Insulin resistance doubles the risk of major depressive disorder
Stanford scientists have linked insulin resistance to an increased risk of developing major depressive disorder.
“If you are insulin resistant, the risk of developing major depressive disorder is twice that of a person who is not insulin resistant, even if you have never experienced depression before,” said Dr. Natalie Rasgon, MD, Professor of psychiatry and behavioral sciences. For example, it has been shown that about 40% of patients with mood disorders are insulin resistant.
Studies have confirmed that at least 1 in 3 people has insulin resistance, often unknowingly. The condition is not due to a deficiency in the pancreas’ ability to secrete insulin into the blood, as in type 1 diabetes, but due to the low ability of cells throughout the body to take this hormone into account.
The task of insulin is to tell our cells that it is time for them to process the glucose that floods our blood due to the food intake in it, its manufacturing in the liver or both. Every cell in the body uses glucose as fuel and each of these cells has receptors on its surface that, by binding themselves to insulin, signal the cell to ingest the precious source of energy.
Insulin resistance can have various reasons, such as excessive caloric intake, lack of exercise, stress and insufficient sleep. As a result, blood sugar levels become chronic. Once these levels exceed a certain threshold, the diagnosis is type-2 diabetes, a treatable but incurable condition that can lead to cardiovascular and cerebrovascular disorders, neuropathy, kidney disease, limb amputations and other harmful results for health.
The Stanford team analyzed data from 601 men and women, with a mean age of 41, who served as control subjects for a Dutch study of depression and anxiety. At the time of their enrollment, they had never been troubled by these conditions.
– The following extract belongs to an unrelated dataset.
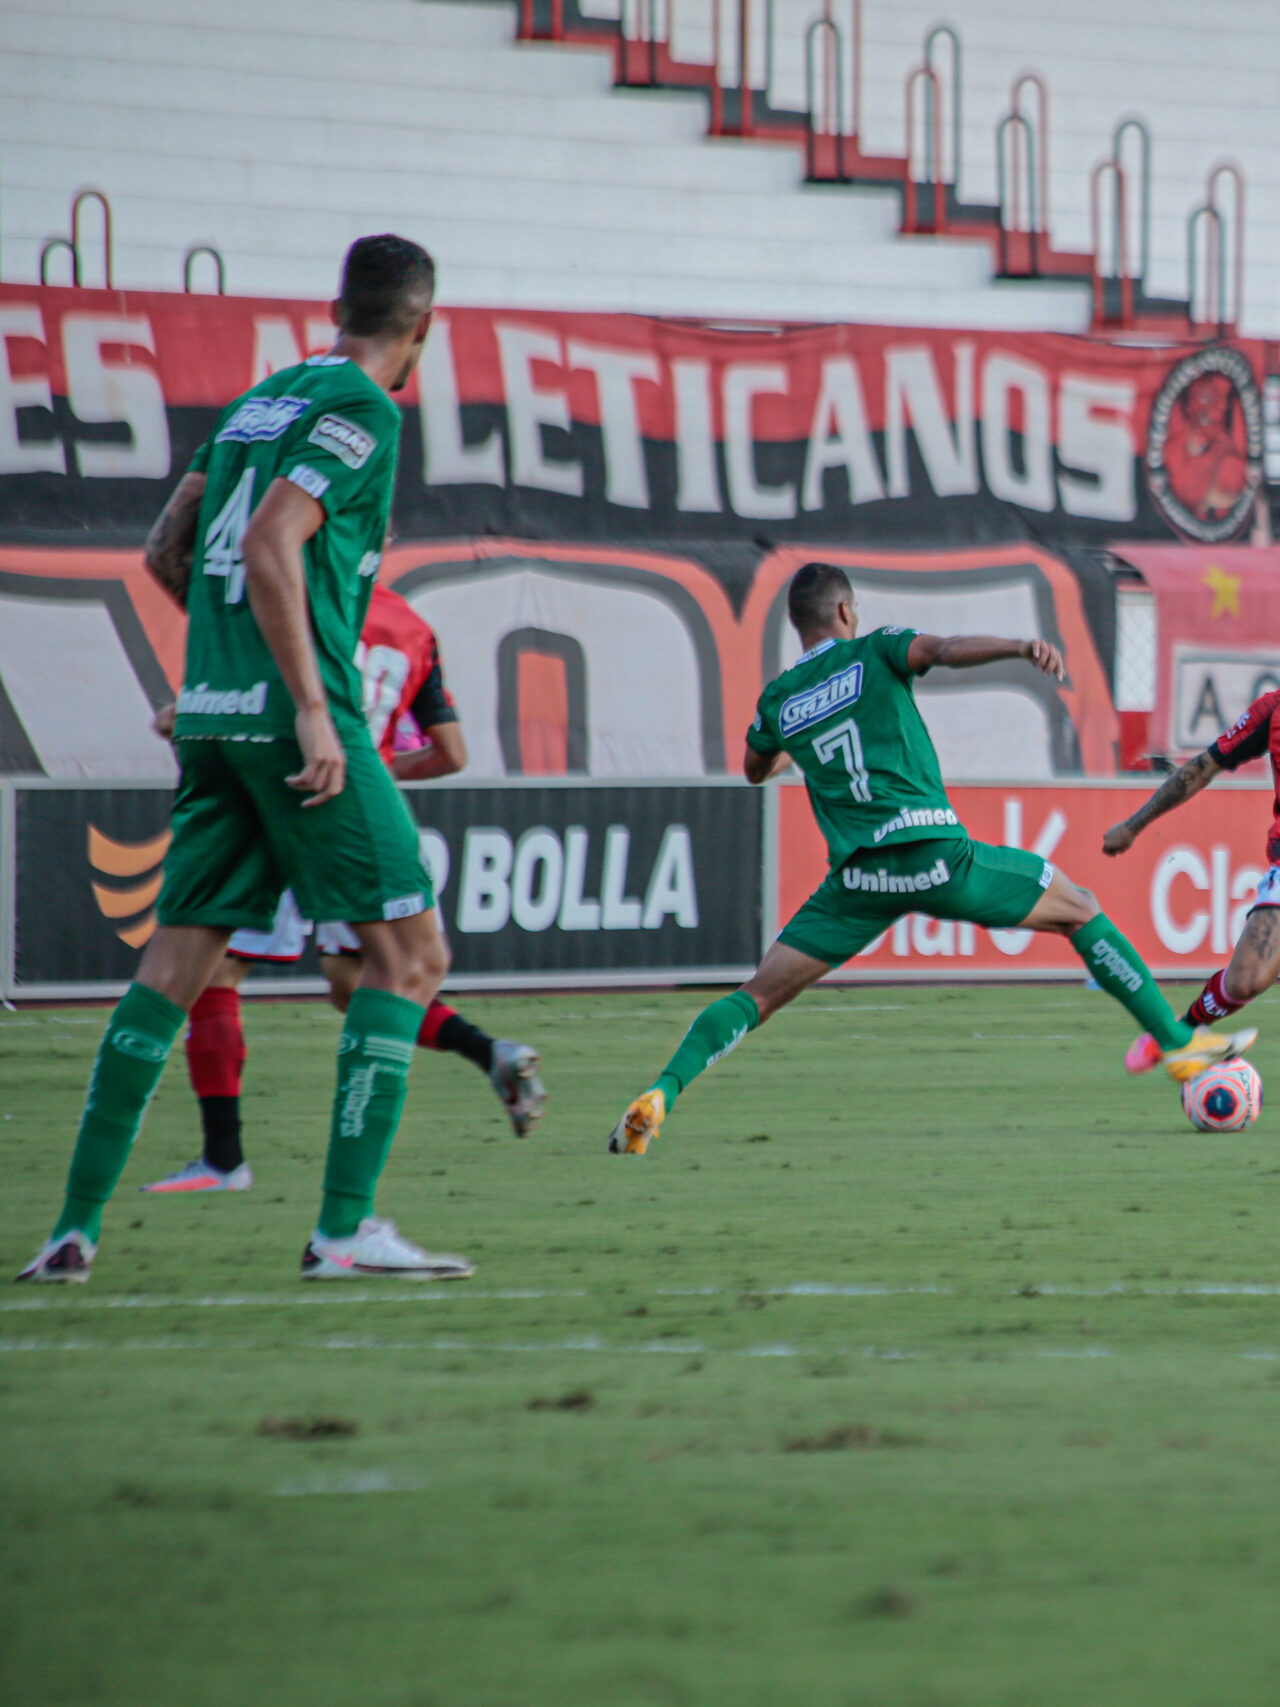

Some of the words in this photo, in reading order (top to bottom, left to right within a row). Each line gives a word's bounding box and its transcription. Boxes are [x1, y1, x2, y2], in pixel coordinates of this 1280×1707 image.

Three indicators of insulin resistance were measured: fasting blood glucose, waist circumference, and the ratio of circulating triglyceride levels to circulating high-density lipoprotein (HDL, known as “good” cholesterol).
Finally, the researchers concluded that subjects found to be insulin resistant had a nine-fold increased risk of developing major depressive disorder. Thus, it was found that a moderate increase in insulin resistance, as measured by the triglyceride-HDL ratio, was linked to an 89% increase in the rate of new cases of major depressive disorder. Similarly, each 5-centimeter increase in abdominal fat was associated with an 11% higher rate of depression, and an increase in fasting plasma glucose of 18 milligrams per deciliter of blood was associated with a rate of depression 37% higher.
The researchers limited the next phase of the analysis to about 400 subjects who, in addition to never having experienced major depression, showed no signs of insulin resistance at the start of the study. In the first two years of the study, almost 100 of these participants became insulin resistant. The researchers compared the likelihood of this group developing major depressive disorder over the next seven years, with that of participants who had not yet become insulin resistant in two years.
Those who developed prediabetes in the first two years of the study had a 2.66-fold higher risk for major depression after nine years of monitoring, compared to those who had normal fasting blood glucose test results at the assessment interval (every two years).
“It’s time for healthcare providers to consider the metabolic status of those with mood disorders and vice versa, by assessing the mood in patients with metabolic diseases such as obesity and hypertension,” Rasgon said.